● GIVEN DATA
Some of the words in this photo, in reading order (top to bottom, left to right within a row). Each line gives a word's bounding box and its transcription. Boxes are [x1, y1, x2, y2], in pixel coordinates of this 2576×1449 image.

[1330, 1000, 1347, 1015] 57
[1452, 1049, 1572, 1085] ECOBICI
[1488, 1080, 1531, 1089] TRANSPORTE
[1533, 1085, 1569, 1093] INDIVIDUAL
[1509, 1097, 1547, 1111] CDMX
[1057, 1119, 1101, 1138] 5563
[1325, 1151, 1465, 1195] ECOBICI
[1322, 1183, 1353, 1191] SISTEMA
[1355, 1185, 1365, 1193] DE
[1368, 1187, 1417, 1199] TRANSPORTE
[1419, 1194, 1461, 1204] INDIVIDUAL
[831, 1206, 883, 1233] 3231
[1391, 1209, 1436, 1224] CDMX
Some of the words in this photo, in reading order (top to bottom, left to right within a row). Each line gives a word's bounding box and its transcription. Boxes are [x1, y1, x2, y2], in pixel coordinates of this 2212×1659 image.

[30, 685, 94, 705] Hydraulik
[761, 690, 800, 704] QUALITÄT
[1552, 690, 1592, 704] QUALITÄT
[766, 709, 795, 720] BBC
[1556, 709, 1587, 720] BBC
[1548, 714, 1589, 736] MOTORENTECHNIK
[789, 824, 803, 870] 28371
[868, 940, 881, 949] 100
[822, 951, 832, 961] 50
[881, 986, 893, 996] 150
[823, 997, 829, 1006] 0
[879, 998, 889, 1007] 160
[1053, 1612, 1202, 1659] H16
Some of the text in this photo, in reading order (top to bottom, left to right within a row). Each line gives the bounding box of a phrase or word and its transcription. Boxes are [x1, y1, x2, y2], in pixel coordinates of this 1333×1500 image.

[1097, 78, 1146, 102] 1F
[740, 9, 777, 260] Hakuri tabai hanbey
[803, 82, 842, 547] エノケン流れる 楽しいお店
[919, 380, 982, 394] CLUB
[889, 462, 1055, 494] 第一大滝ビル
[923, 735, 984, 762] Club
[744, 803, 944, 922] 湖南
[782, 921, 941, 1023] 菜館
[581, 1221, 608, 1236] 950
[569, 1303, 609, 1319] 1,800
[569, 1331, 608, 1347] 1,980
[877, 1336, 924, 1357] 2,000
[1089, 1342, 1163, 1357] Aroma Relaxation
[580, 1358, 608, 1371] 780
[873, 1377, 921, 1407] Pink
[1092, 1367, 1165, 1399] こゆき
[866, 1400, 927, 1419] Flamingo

● YOUR OBJECTIVE
Your task is to retype the records precisely as they stand.

● OUTPUT OF THE TASK
Some of the words in this photo, in reading order (top to bottom, left to right within a row). Each line gives a word's bounding box and its transcription. Boxes are [x1, y1, x2, y2], in pixel coordinates of this 2576×1449 image.

[1330, 1000, 1347, 1015] 57
[1452, 1049, 1572, 1085] ECOBICI
[1488, 1080, 1531, 1089] TRANSPORTE
[1533, 1085, 1569, 1093] INDIVIDUAL
[1509, 1097, 1547, 1111] CDMX
[1057, 1119, 1101, 1138] 5563
[1325, 1151, 1465, 1195] ECOBICI
[1322, 1183, 1353, 1191] SISTEMA
[1355, 1185, 1365, 1193] DE
[1368, 1187, 1417, 1199] TRANSPORTE
[1419, 1194, 1461, 1204] INDIVIDUAL
[831, 1206, 883, 1233] 3231
[1391, 1209, 1436, 1224] CDMX
Some of the words in this photo, in reading order (top to bottom, left to right within a row). Each line gives a word's bounding box and its transcription. Boxes are [x1, y1, x2, y2], in pixel coordinates of this 2212×1659 image.

[30, 685, 94, 705] Hydraulik
[761, 690, 800, 704] QUALITÄT
[1552, 690, 1592, 704] QUALITÄT
[766, 709, 795, 720] BBC
[1556, 709, 1587, 720] BBC
[1548, 714, 1589, 736] MOTORENTECHNIK
[789, 824, 803, 870] 28371
[868, 940, 881, 949] 100
[822, 951, 832, 961] 50
[881, 986, 893, 996] 150
[823, 997, 829, 1006] 0
[879, 998, 889, 1007] 160
[1053, 1612, 1202, 1659] H16
Some of the text in this photo, in reading order (top to bottom, left to right within a row). Each line gives the bounding box of a phrase or word and its transcription. Boxes are [x1, y1, x2, y2], in pixel coordinates of this 1333×1500 image.

[1097, 78, 1146, 102] 1F
[740, 9, 777, 260] Hakuri tabai hanbey
[803, 82, 842, 547] エノケン流れる 楽しいお店
[919, 380, 982, 394] CLUB
[889, 462, 1055, 494] 第一大滝ビル
[923, 735, 984, 762] Club
[744, 803, 944, 922] 湖南
[782, 921, 941, 1023] 菜館
[581, 1221, 608, 1236] 950
[569, 1303, 609, 1319] 1,800
[569, 1331, 608, 1347] 1,980
[877, 1336, 924, 1357] 2,000
[1089, 1342, 1163, 1357] Aroma Relaxation
[580, 1358, 608, 1371] 780
[873, 1377, 921, 1407] Pink
[1092, 1367, 1165, 1399] こゆき
[866, 1400, 927, 1419] Flamingo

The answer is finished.